Friday, July 8, 2011
Here I Dreamt I Was An Architect
I think buildings excite me more than words do even. I mean, there's also trees. Sometimes I can be stopped in my tracks by the shape and form of a tree, fascinated at thinking about the different factors in genetics and environment, even the day to day, that went into the tree making the choices it made for growth and then the outcome aesthetically. I find myself taking a lot of photos of individual trees. And then I upload them to my computer and I'm all like, what do I do with this? I have a folder titled "Trees that I Liked." Past tense because most of them I won't see again. I started to call it "Trees that Excite Me," but that's kind of weird. Oh, so buildings.
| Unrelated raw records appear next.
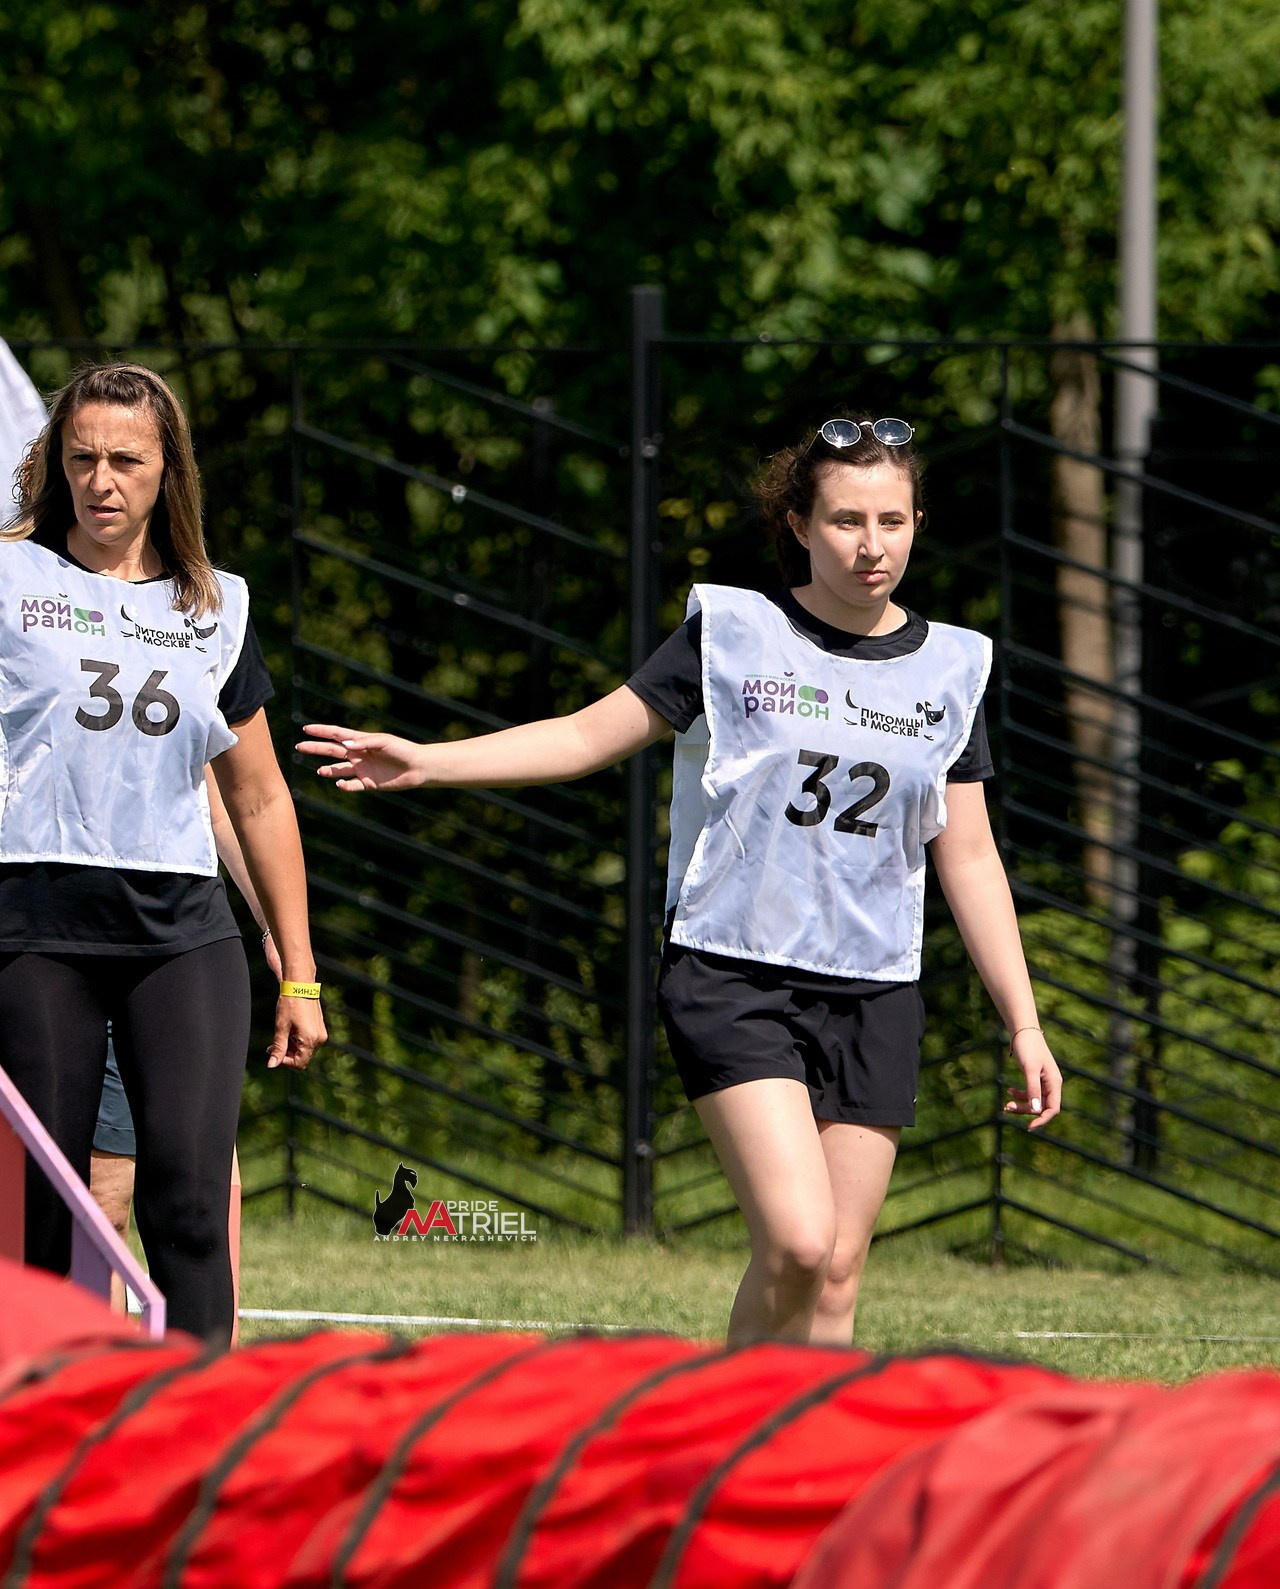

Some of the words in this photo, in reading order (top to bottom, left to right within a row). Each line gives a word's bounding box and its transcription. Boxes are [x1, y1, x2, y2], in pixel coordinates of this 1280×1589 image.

[134, 622, 193, 642] ПИТОМЦЫ
[143, 636, 190, 649] МОСКВЕ
[75, 658, 180, 736] 36
[861, 707, 923, 728] ПИТОМЦЫ
[861, 717, 867, 727] В
[871, 721, 919, 738] МОСКВЕ
[784, 749, 891, 838] 32
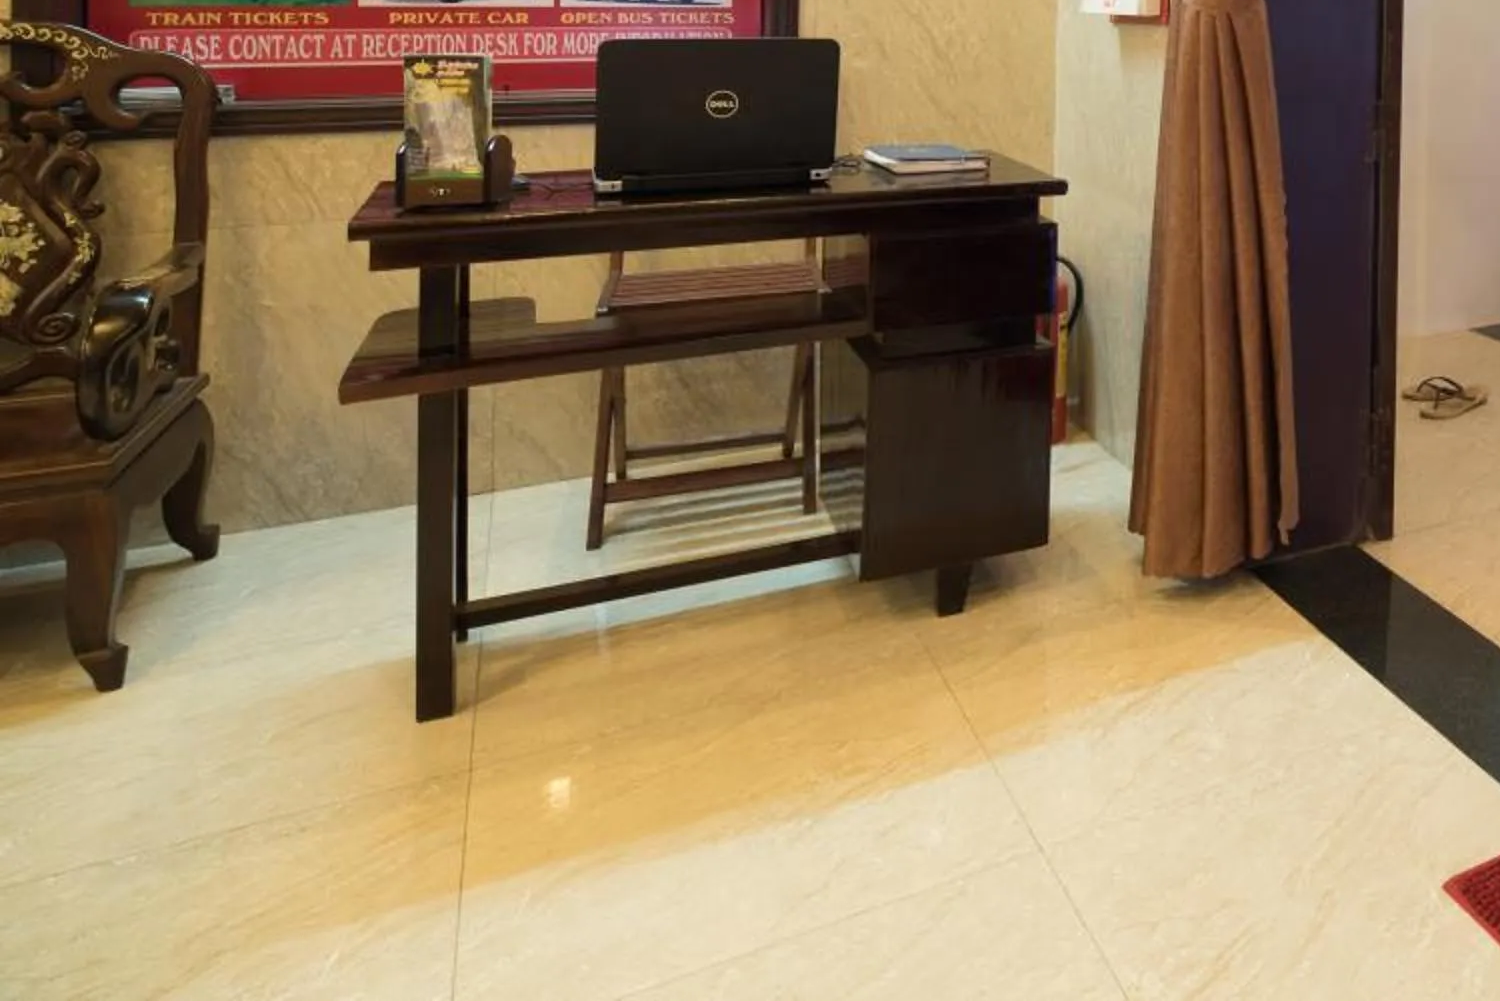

I like houses, will sometimes spend much of a Sunday afternoon walking all over town and going into every Open House I come across. I like to see how people use interior spaces, but it's the structure itself that gets me. To see the evolution of choices in living spaces. The house across the street from me having a pantry cellar. I mean, just that one room that was cut deeper from the crawl space, the narrow and dangerous twist of stairs, and then the shelves. I went down there and I didn't ever want to re-emerge. The weirdness of that space. I could have set up a desk in there and lived the rest of my life by the light coming through the little east window. So much light! But it was underground, hidden, bomb-sheltery, everything painted white. I spend at least part of my day every day looking at sites of architecture. Sometimes individual architects, sometimes reading about their lives and influences, sometimes re-learning the names of the features on gothic cathedrals, sometimes scrolling through photos of libraries and schools, sometimes looking at how "modern" is interpreted in different parts of the world (Scandinavia! for example), more often just going from place to place online finding random buildings though. I think I would have been an architect if it wasn't for the fact that my stepfather was an architect.